A little knowledge for you clueless conservatives. A sample from 2006:
"Opposition research is power," said Rep. Thomas M. Reynolds (N.Y.), the NRCC chairman. "Opposition research is the key to defining untested opponents."
The Republican National Committee, meanwhile, has enlisted veteran party strategist Terry Nelson to run a campaign that will coordinate with Senate Republicans on ads that similarly will rely on the best of the worst that researchers have dug up on Democrats. The first ad run by the new RNC effort criticizes Ohio Rep. Sherrod Brown (D) for voting against proposals designed to toughen border protection and deport illegal immigrants.
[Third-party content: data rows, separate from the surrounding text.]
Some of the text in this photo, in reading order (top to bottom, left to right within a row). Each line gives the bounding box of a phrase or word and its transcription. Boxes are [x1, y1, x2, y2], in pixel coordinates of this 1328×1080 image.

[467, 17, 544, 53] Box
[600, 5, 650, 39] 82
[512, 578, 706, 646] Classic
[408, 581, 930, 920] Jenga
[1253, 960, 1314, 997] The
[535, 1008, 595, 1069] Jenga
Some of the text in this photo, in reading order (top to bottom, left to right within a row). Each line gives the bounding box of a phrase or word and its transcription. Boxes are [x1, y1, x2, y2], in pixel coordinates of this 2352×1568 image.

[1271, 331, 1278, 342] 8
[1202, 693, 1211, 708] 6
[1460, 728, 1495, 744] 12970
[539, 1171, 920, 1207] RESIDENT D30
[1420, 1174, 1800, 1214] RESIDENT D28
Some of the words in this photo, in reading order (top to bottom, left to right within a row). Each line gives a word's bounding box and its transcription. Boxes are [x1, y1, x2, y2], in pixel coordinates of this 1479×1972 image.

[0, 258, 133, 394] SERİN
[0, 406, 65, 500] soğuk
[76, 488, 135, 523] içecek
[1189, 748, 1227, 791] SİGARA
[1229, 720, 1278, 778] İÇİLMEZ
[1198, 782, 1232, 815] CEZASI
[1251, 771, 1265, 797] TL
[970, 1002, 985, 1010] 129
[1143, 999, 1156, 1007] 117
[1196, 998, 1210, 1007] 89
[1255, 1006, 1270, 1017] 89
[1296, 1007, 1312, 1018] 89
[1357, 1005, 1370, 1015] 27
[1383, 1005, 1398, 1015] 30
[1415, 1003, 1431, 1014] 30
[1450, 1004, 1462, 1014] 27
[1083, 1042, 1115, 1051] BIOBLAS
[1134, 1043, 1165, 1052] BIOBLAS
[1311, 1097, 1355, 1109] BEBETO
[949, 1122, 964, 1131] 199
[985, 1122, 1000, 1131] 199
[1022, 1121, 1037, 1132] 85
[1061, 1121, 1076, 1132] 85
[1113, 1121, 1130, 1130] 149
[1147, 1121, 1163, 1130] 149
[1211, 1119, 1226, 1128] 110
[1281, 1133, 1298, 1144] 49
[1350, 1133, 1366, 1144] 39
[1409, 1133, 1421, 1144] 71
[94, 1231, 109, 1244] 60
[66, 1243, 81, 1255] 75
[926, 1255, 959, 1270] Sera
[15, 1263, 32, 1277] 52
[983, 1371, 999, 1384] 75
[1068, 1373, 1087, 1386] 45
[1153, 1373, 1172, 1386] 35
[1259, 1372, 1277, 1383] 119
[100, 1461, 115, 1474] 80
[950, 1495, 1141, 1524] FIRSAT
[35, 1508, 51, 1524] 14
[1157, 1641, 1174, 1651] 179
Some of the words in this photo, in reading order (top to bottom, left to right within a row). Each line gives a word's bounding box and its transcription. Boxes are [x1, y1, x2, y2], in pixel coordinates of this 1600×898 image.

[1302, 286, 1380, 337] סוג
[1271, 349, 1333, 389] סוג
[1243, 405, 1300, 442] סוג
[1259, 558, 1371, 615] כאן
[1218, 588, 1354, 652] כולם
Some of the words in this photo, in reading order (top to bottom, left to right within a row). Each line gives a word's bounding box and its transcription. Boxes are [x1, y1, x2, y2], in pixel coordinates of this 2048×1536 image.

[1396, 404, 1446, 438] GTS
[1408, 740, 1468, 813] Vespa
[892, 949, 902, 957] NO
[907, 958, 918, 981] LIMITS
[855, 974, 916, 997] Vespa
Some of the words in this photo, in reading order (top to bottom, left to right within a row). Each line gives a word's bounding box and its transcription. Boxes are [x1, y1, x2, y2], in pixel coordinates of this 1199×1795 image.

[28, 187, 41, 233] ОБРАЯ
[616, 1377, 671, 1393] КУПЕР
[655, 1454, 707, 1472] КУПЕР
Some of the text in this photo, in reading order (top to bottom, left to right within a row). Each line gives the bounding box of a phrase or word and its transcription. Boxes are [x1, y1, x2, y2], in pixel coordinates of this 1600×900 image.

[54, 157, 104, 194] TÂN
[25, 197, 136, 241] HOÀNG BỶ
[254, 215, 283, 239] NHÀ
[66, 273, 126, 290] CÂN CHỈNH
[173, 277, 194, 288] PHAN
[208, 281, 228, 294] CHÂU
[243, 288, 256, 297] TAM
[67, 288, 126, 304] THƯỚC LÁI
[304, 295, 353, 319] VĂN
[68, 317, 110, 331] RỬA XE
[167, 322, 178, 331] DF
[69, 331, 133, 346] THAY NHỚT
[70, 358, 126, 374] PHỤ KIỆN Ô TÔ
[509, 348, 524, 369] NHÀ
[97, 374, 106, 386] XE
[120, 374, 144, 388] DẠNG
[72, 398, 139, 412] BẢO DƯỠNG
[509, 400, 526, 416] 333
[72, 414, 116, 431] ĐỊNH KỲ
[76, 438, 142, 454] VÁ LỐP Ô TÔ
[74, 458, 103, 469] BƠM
Because challengers tend to be little-known compared with incumbents, they are more vulnerable to having their public image framed by the opposition through attacks and unflattering personal revelations.
And with polls showing the Republicans' House and Senate majorities in jeopardy, party strategists said they have concluded that their best chance to prevent big Democratic gains is a television and direct-mail blitz over the next eight weeks aimed at raising enough questions about Democratic candidates that voters decide they are unacceptable choices.
"When you run in an adverse political environment, you try to localize and personalize the race as much as you can," Rep. Tom Cole (R-Okla.) said.
In a memo released last week, Cole, who is running to succeed Reynolds at the NRCC, expanded on that strategy. The memo recommended that vulnerable incumbents spend $20,000 on a research "package" to find damaging material about challengers and urged that they "define your opponent immediately and unrelentingly."